In the past 18 months, NVIDIA has participated in eight investments across seven robotics startups. Unlike the obvious AI plays, these are about building the foundational platform for robotics development.
Robotics is harder than software AI. Robots must perceive, plan, and act in unpredictable real-world settings, and NVIDIA is positioning itself as the full-stack enabler:
- Jetson & GPUs: Compact, efficient compute for perception, detection, and grasping.
- Omniverse, Isaac, OpenUSD: Software to create digital twins and train robots in simulation.

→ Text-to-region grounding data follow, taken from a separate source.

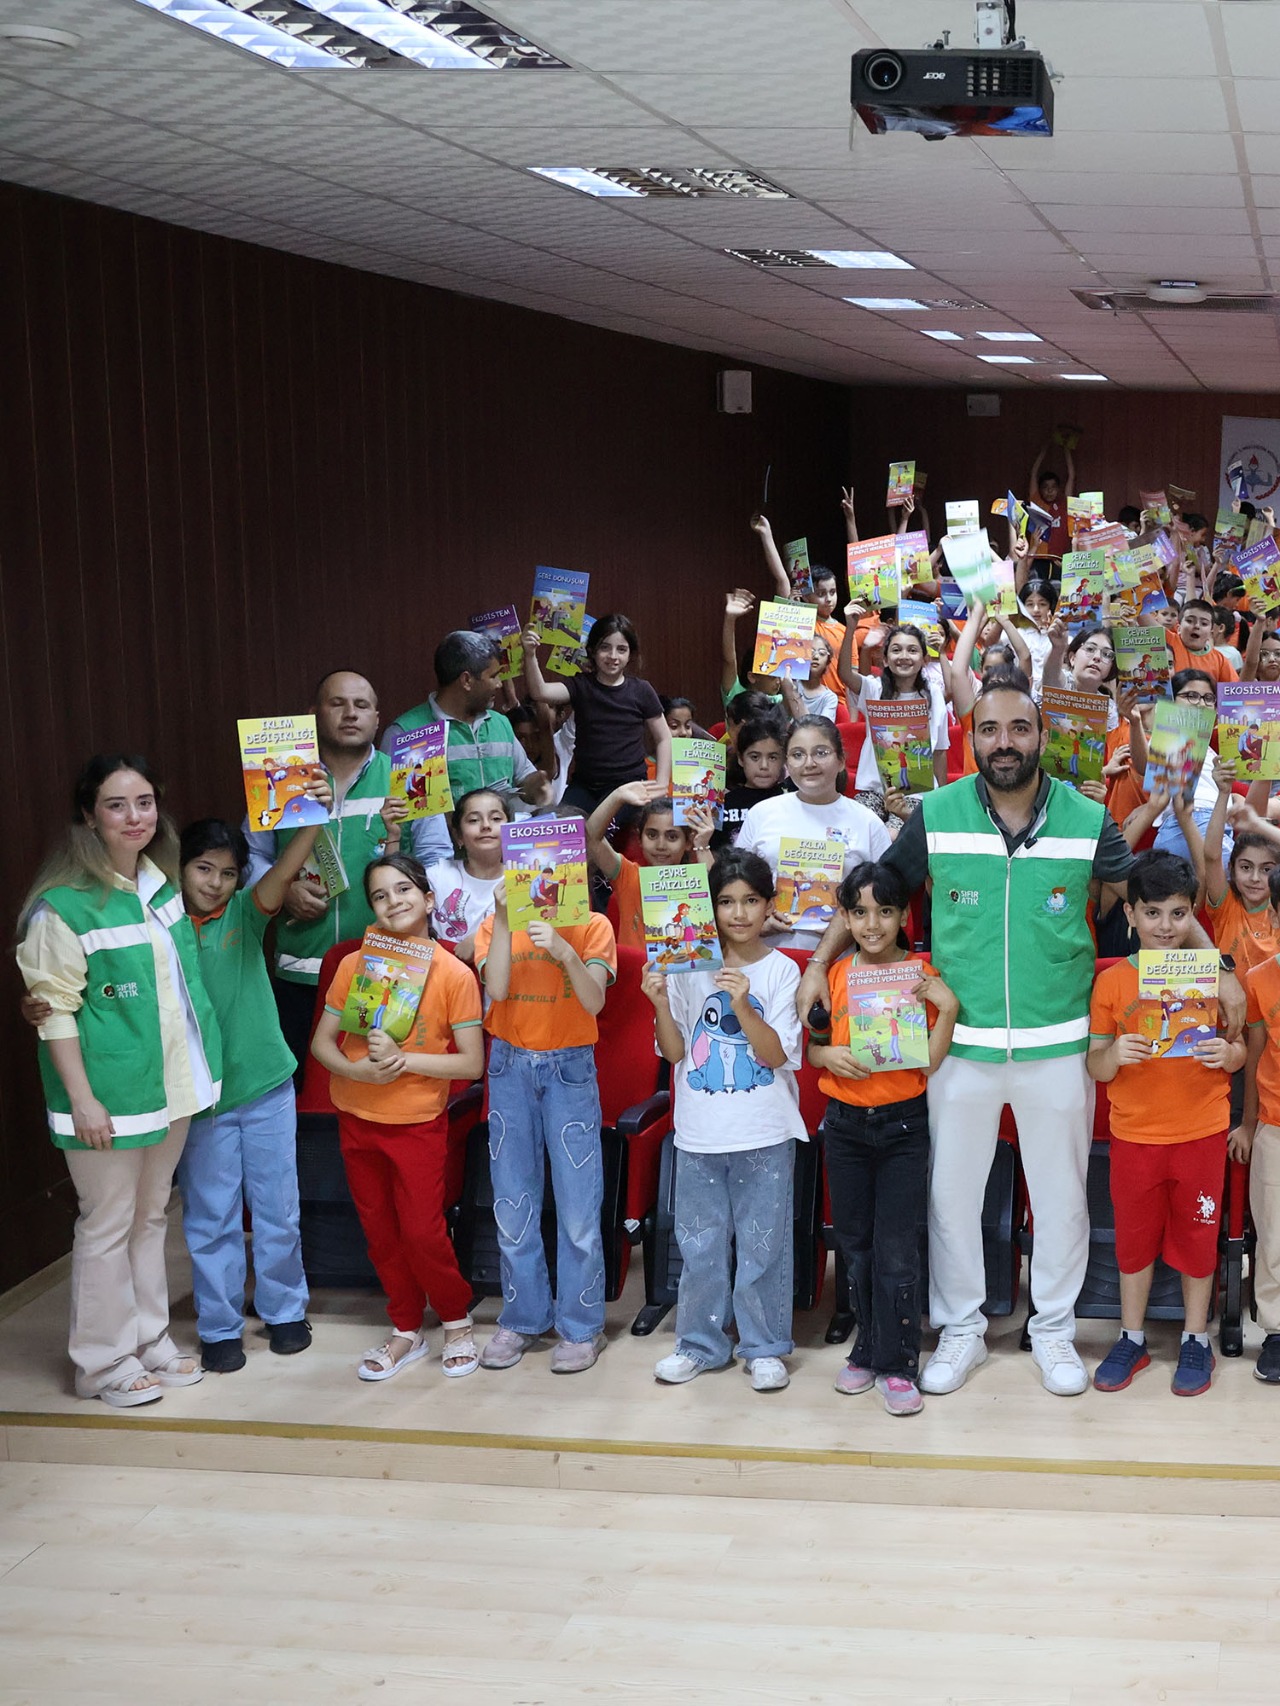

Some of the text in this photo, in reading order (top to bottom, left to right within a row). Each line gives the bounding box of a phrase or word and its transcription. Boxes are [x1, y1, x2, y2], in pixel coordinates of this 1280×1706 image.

[1127, 629, 1150, 639] ÇEVRE
[1224, 683, 1280, 696] EKOSİSTEM
[396, 724, 441, 746] EKOSİSTEM
[691, 741, 716, 751] ÇEVRE
[509, 822, 578, 838] EKOSİSTEM
[657, 867, 687, 879] ÇEVRE
[116, 982, 137, 991] SIFIR
[118, 990, 139, 998] ATIK

- Isaac Sim and Isaac Lab: Tools to transfer training from simulation directly into physical robots.
These investments are platform moves: Startups building novel robots anchor NVIDIA chips as the compute backbone. Companies pushing autonomy and dexterity expand the need for Omniverse simulations.
Eight investments in seven startups in 18 months send a clear signal: NVIDIA doesn’t just power today’s AI models.
It’s laying claim to tomorrow’s robots.